I noted my body’s heightened-awareness cues; dry mouth, moist palms, rapid heartbeat. It brought back too many bad memories, and I knew I wasn’t going to enter the house. Instead, I’d go home and call 911. Wellness checks weren’t my job. Not anymore.
I took a step back and then—
“Hey!”
The male voice came from behind me, giving me a scare. If I’d been a rookie, I probably would have turned and aimed, which could have ended in all kinds of bad ways. Instead I kept my arm rock-steady, not raising my gun, and carefully peered over my shoulder.
Wintergarten.
Holding a shotgun.
“Easy, Larry. I brought you toilet paper. Your door was open.”
He squinted at me over his glasses, then lowered the shotgun. “Jacqueline? You gave me a fright. I heard noises on the side of my house, went to go check. I thought it was the Peeper.”
I turned, sticking my revolver into my jeans holster, hiding it from my neighbor as he approached.
“The Peeper?” I asked, keeping my eyes on his gun. Double barrel, twelve gauge, filigree on the silver side plates.
He broke open the breech and hung the bent weapon on his forearm like a seasoned hunter.
“We got ourselves a pervert in the neighborhood. Peeps in windows. Thought I saw him standing outside my bathroom.”
“What does he look like?”
“Hard to tell. Wears one of those hoods.”
“Like a hoodie sweatshirt?”
“Could be. Keeps it tight over his face. Dark-skinned guy, know that much. Been running around this area for years. Did you see anyone run off?”
“No.”
Like all the other houses on the block, Wintergarten had a fenced-in backyard. But his front yard and both sides of his home were open. Anyone walking onto the property would get their pick of eight to ten windows to peek through.
“He could be more than just a voyeur. There have been disappearances. Neighbors gone missing.”
Our realtor neglected to mention that.
“We keep our doors locked. Do you have a pet, Larry?”
“A pet? No pets. Why?”
“I thought I heard an animal.”
He chuckled. “Probably my electric dryer. Needs a new belt. Squeaks like the dickens.”

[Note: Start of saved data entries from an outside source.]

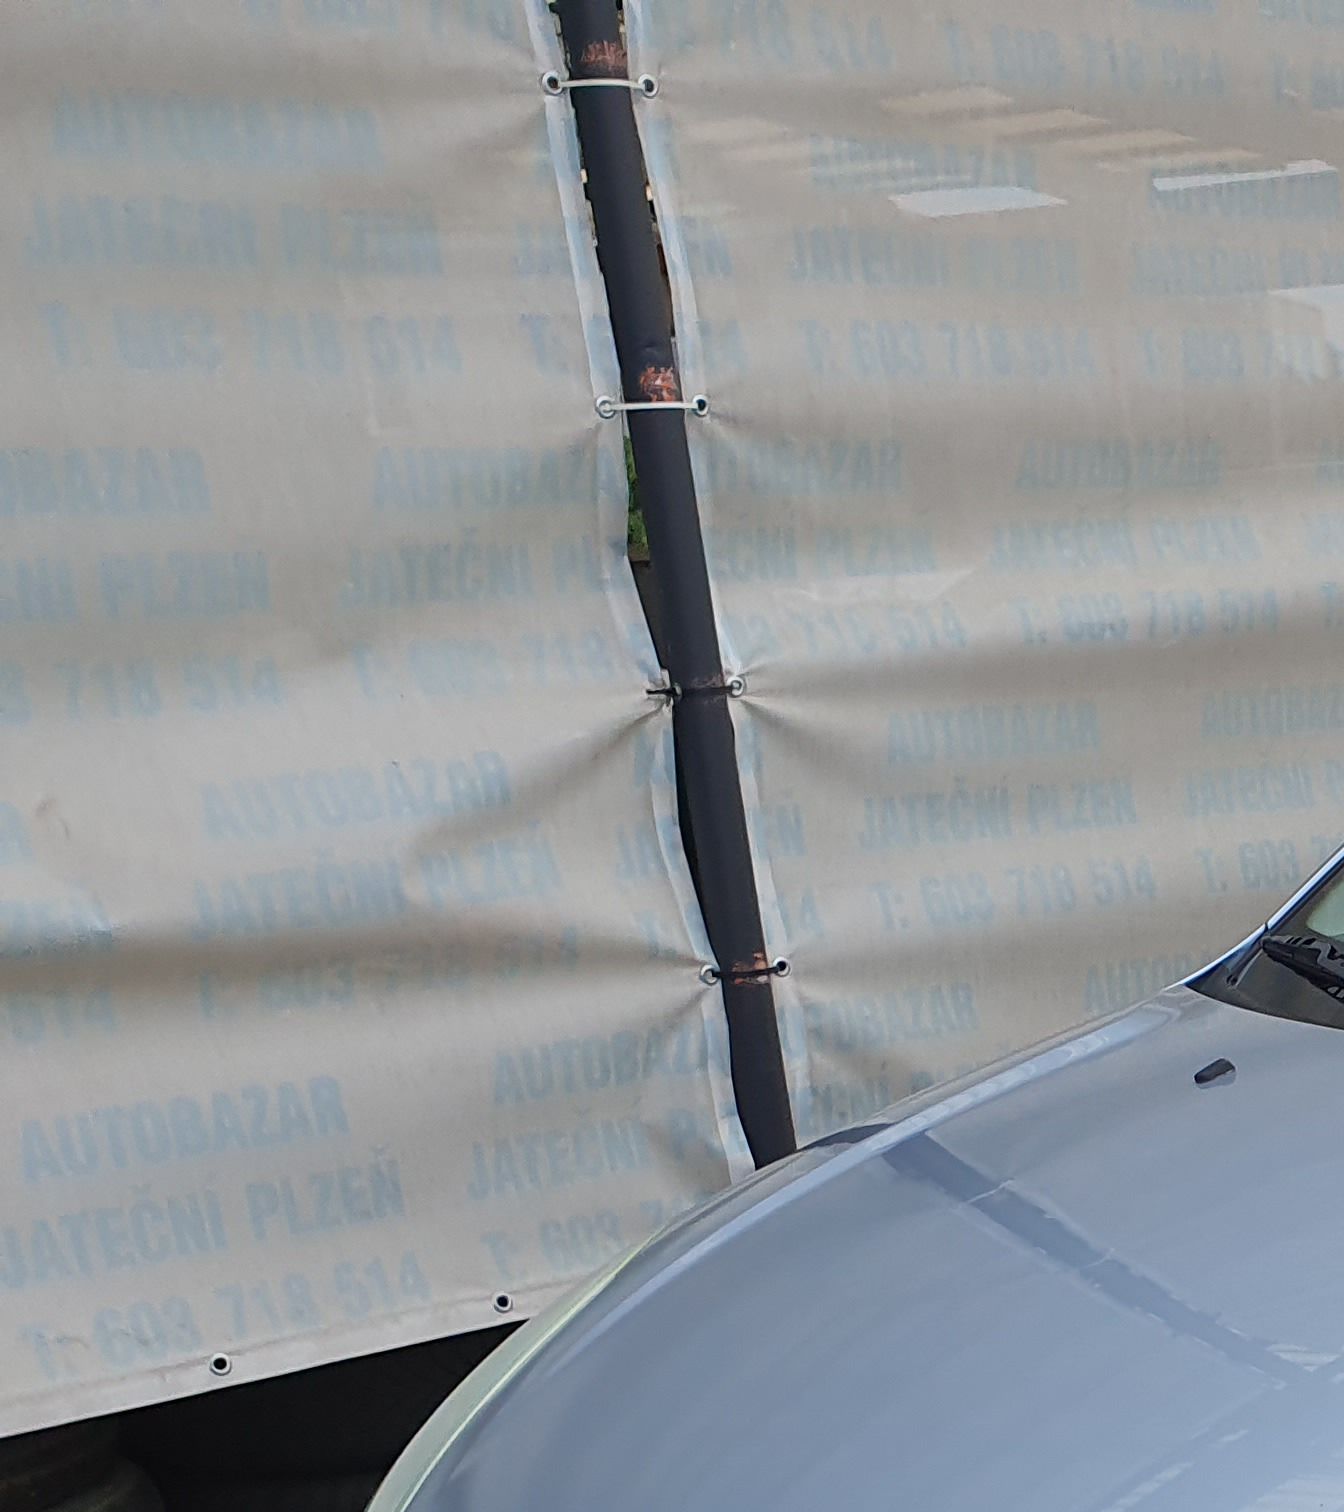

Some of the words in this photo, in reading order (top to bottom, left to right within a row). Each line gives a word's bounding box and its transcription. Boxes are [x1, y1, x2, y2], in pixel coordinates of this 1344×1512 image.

[886, 702, 1100, 766] AUTOBAZAR
[200, 750, 513, 840] AUTOBAZAR
[868, 880, 911, 932] T:
[920, 870, 995, 927] 603
[1005, 865, 1076, 916] 718
[1087, 856, 1157, 909] 514
[1238, 839, 1300, 890] 603
[20, 1073, 350, 1184] AUTOBAZAR
[245, 1142, 407, 1242] PLZEŇ
[538, 1208, 625, 1271] 603
[92, 1294, 203, 1367] 603
[213, 1272, 322, 1339] 718
[333, 1248, 432, 1317] 514
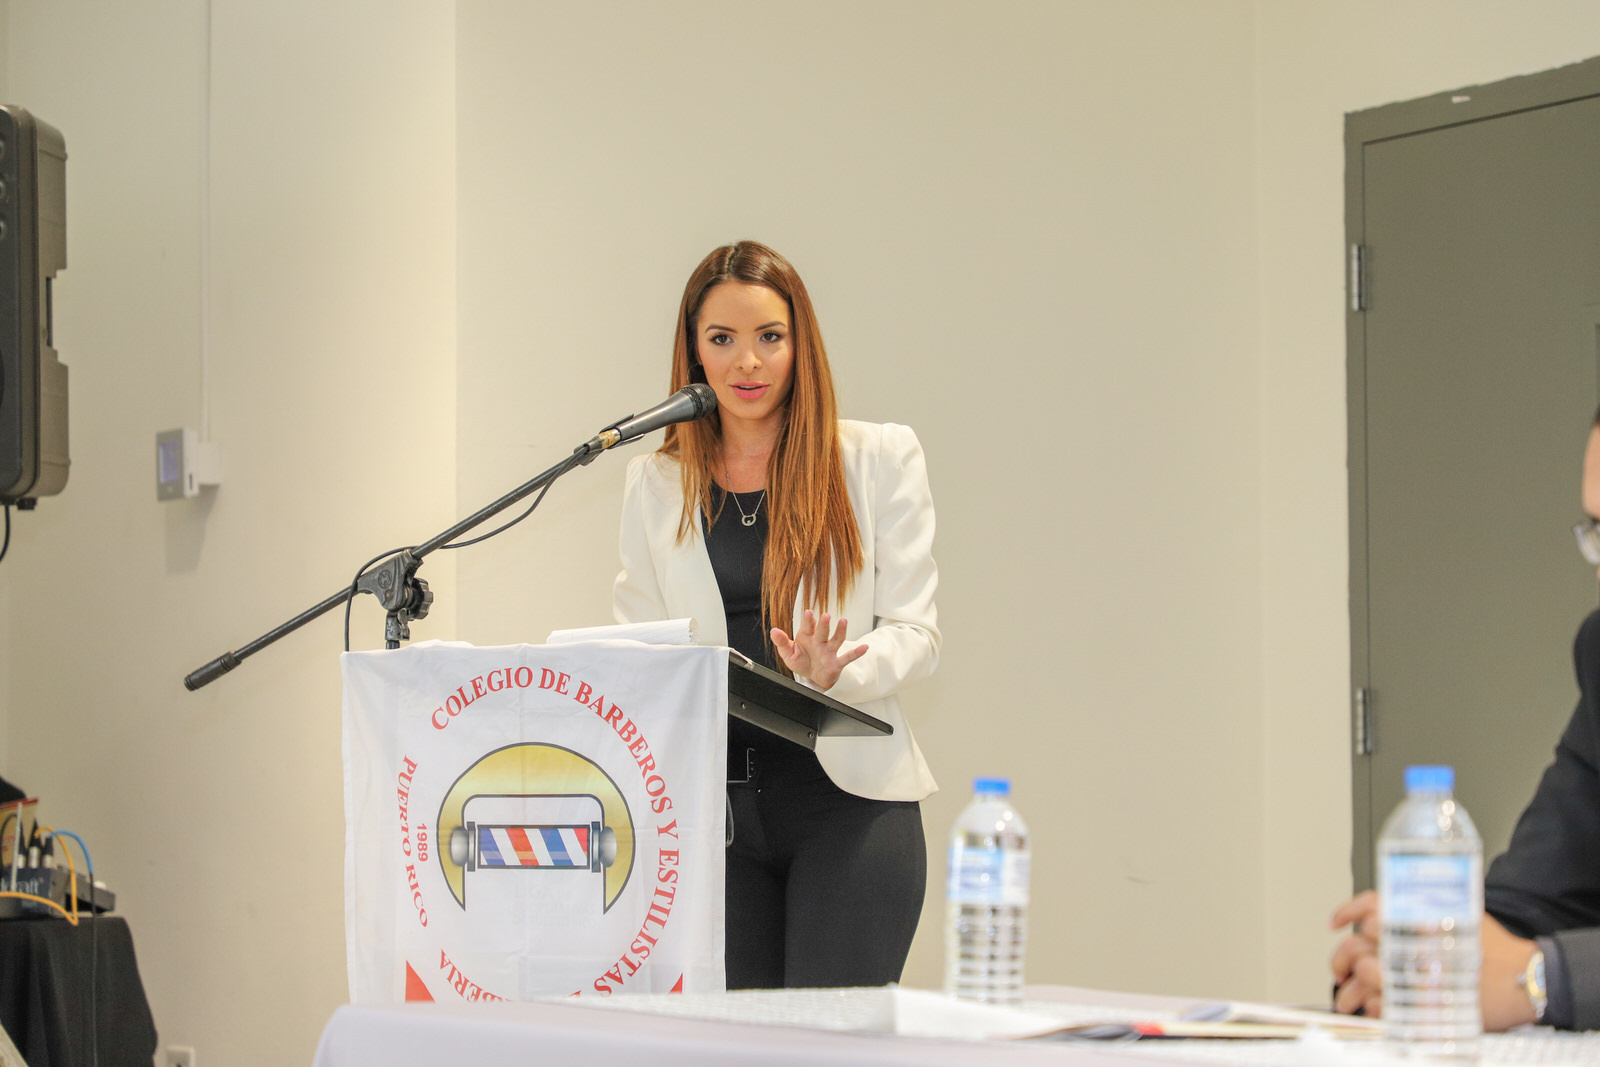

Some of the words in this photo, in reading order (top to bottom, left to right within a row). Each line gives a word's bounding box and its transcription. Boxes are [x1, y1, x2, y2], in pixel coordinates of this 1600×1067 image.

[431, 666, 534, 731] COLEGIO
[537, 667, 572, 696] DE
[572, 679, 674, 815] BARBEROS
[396, 755, 418, 858] PUERTO
[656, 818, 680, 841] Y
[416, 823, 429, 863] 1989
[405, 863, 429, 928] RICO
[593, 846, 681, 998] ESTILISTAS

Yeah, that was probably what I heard. “I’ll leave the toilet paper here on your stoop.” I walked over to pick it up from where I’d dropped it, and he approached, and I noted his almost imperceptible limp.
“Let me help.”
I held my palm up. “Let’s do what the news says and practice social distancing. Six feet away, please.”
He stopped and frowned. “We’ve had bad flu seasons before. You think this is going to be a bad one?”
“I have no idea. But it seems to be worse than the seasonal flu, and I don’t want to get sick.” I added, “Or get anyone else sick.”
“Seems like common sense and a smart approach. Of course, it all depends on if others exercise that same common sense. You’d be surprised how much harm one selfish person can cause.”
That wouldn’t surprise me in the least.
I set the rolls next to his door, then gave Larry a wide berth as I walked past.
“Thanks kindly, neighbor. What do you have in your belt, there? Revolver?”
I wavered.
On one hand, I liked talking about guns, and was curious about his. Plus, I suppose it was a neighborly thing to do, and Colorado had a much more laissez-faire attitude about firearms than Chicago did.
On the other hand, showing off guns on a suburban front lawn made me uncomfortable. Not just the open display of firearms. The idle chit-chat also unnerved me.